GOAL OF THE EXERCISE | Starting at the line that contains "this 1225×1632 image." and stopping at the line that contains "this 2048×1536 image.", transcribe every line of the material below exactly; pictures stay out.

STUDY MATERIAL |
========================
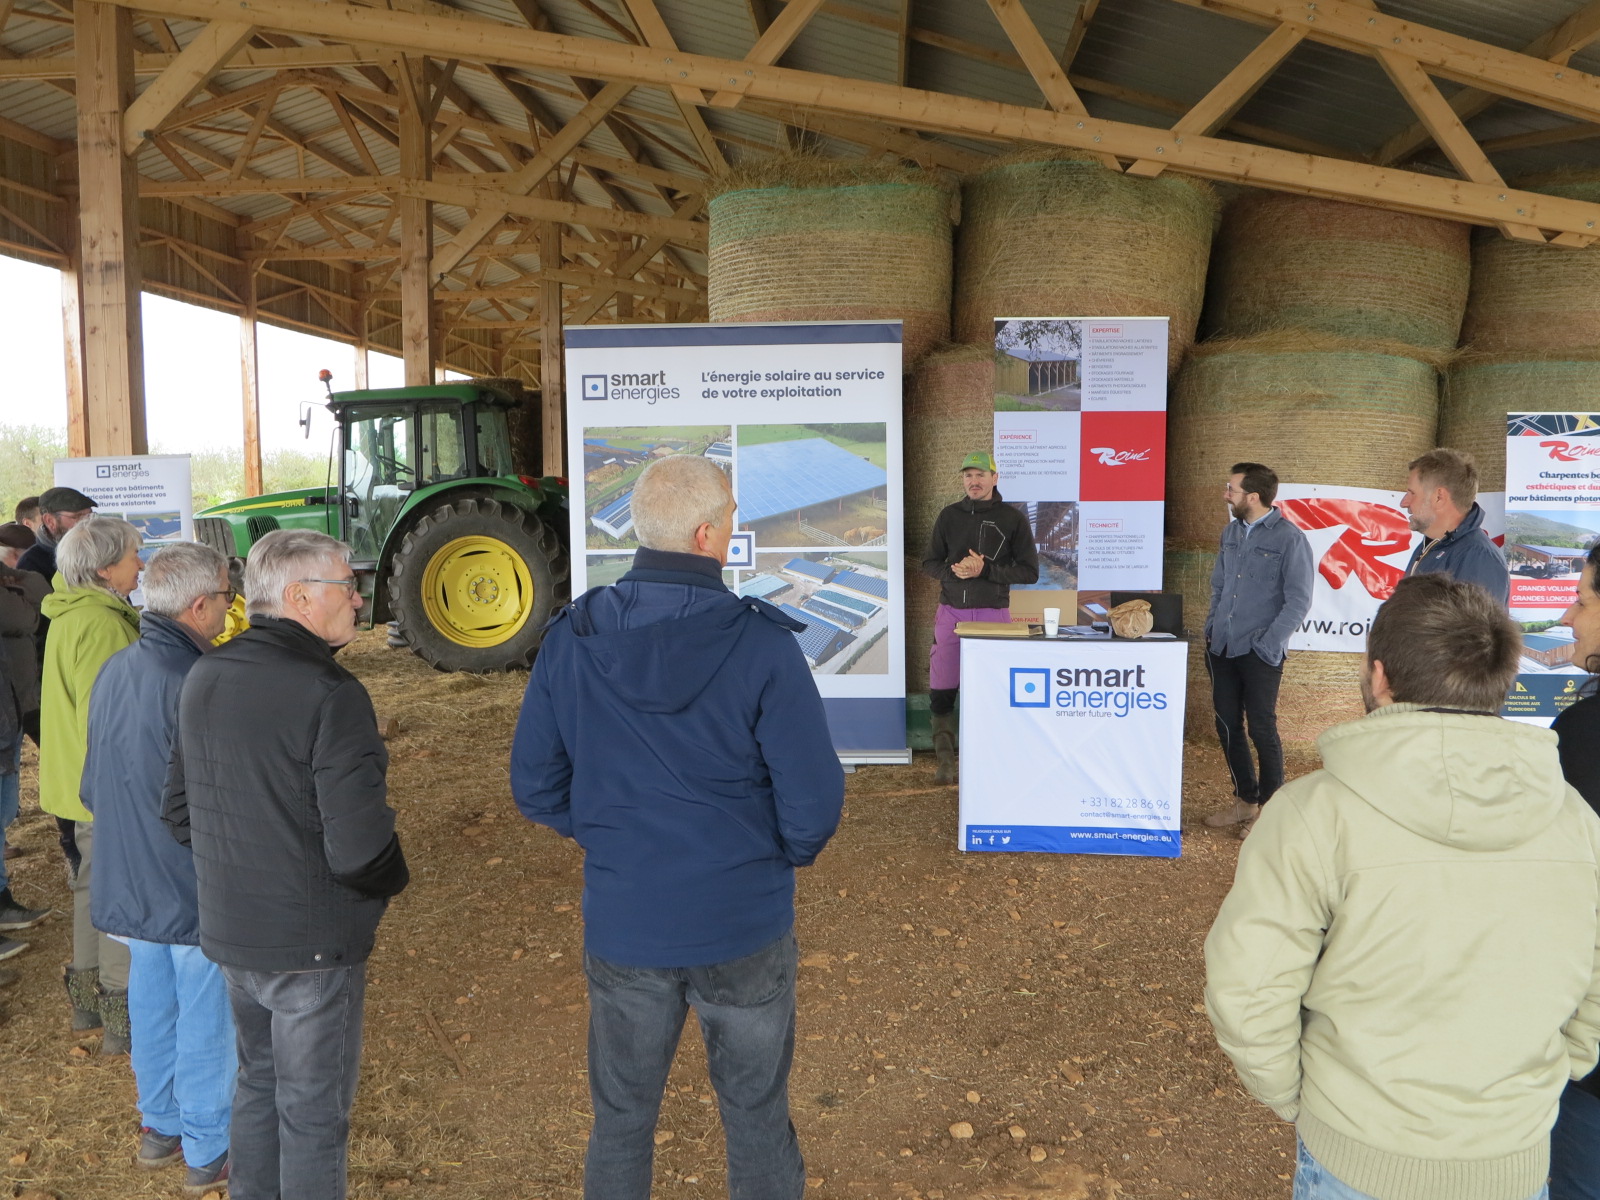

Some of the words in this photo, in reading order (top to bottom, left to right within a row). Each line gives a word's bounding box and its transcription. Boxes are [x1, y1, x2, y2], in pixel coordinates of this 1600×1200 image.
========================
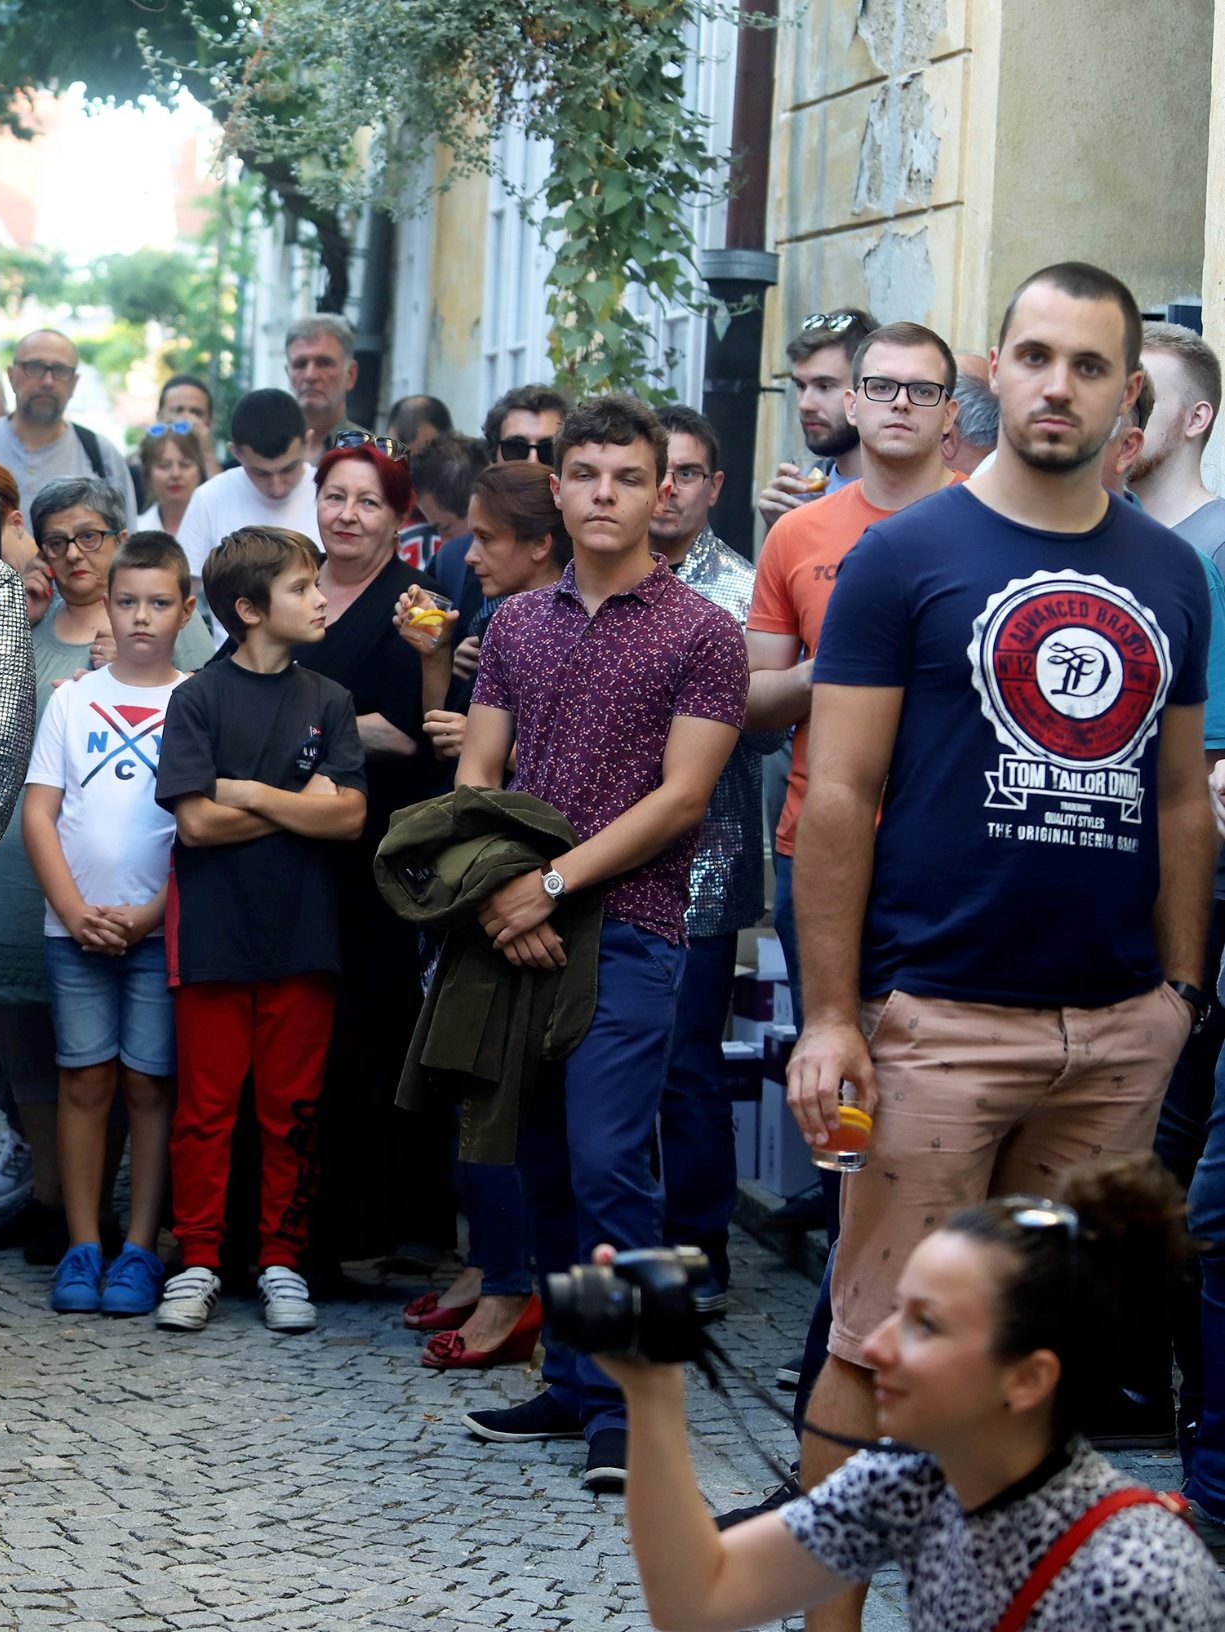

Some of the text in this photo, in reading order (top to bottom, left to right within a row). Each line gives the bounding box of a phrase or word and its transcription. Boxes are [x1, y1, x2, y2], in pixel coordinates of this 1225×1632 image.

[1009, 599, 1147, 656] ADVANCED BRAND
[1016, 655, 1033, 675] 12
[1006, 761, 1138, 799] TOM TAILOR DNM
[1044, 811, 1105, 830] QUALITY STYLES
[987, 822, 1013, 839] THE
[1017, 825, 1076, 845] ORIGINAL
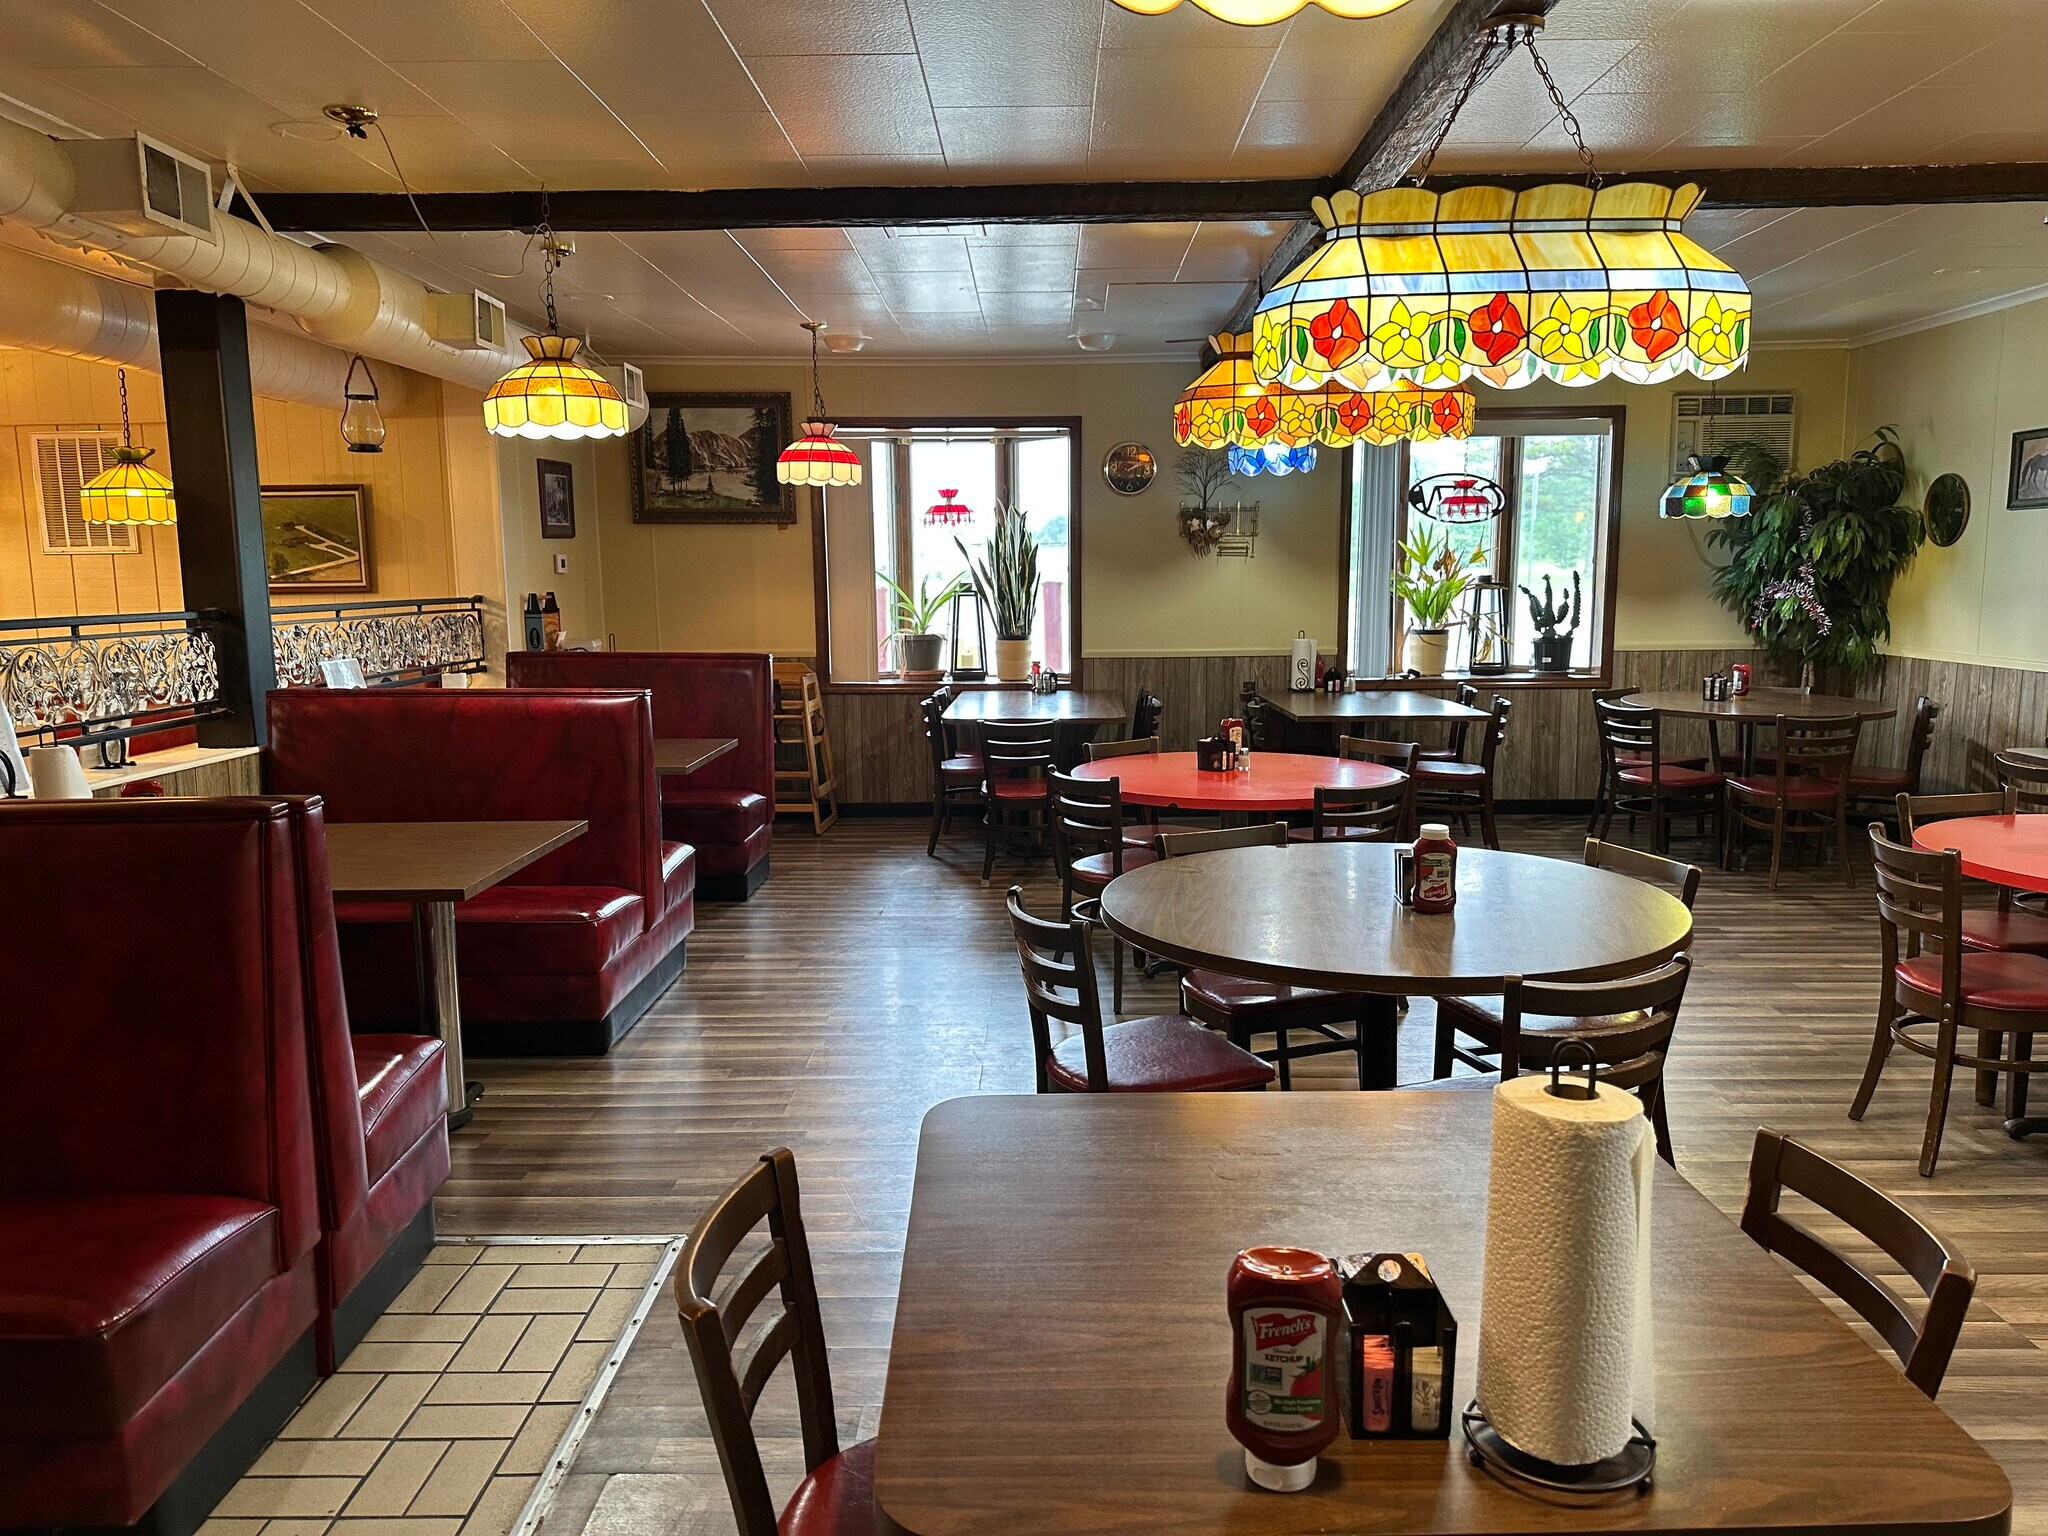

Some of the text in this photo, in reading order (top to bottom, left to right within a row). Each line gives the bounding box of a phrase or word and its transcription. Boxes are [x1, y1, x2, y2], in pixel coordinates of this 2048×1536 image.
========================
TASK ANSWER |
Some of the text in this photo, in reading order (top to bottom, left to right within a row). Each line gives the bounding box of a phrase or word and its transcription. Boxes are [x1, y1, x2, y2], in pixel coordinates of this 1225×1632 image.

[1009, 599, 1147, 656] ADVANCED BRAND
[1016, 655, 1033, 675] 12
[1006, 761, 1138, 799] TOM TAILOR DNM
[1044, 811, 1105, 830] QUALITY STYLES
[987, 822, 1013, 839] THE
[1017, 825, 1076, 845] ORIGINAL

Some of the text in this photo, in reading order (top to bottom, left to right within a row). Each line gives the bounding box of a phrase or word and its transcription. Boxes are [x1, y1, x2, y2], in pixel coordinates of this 2048×1536 image.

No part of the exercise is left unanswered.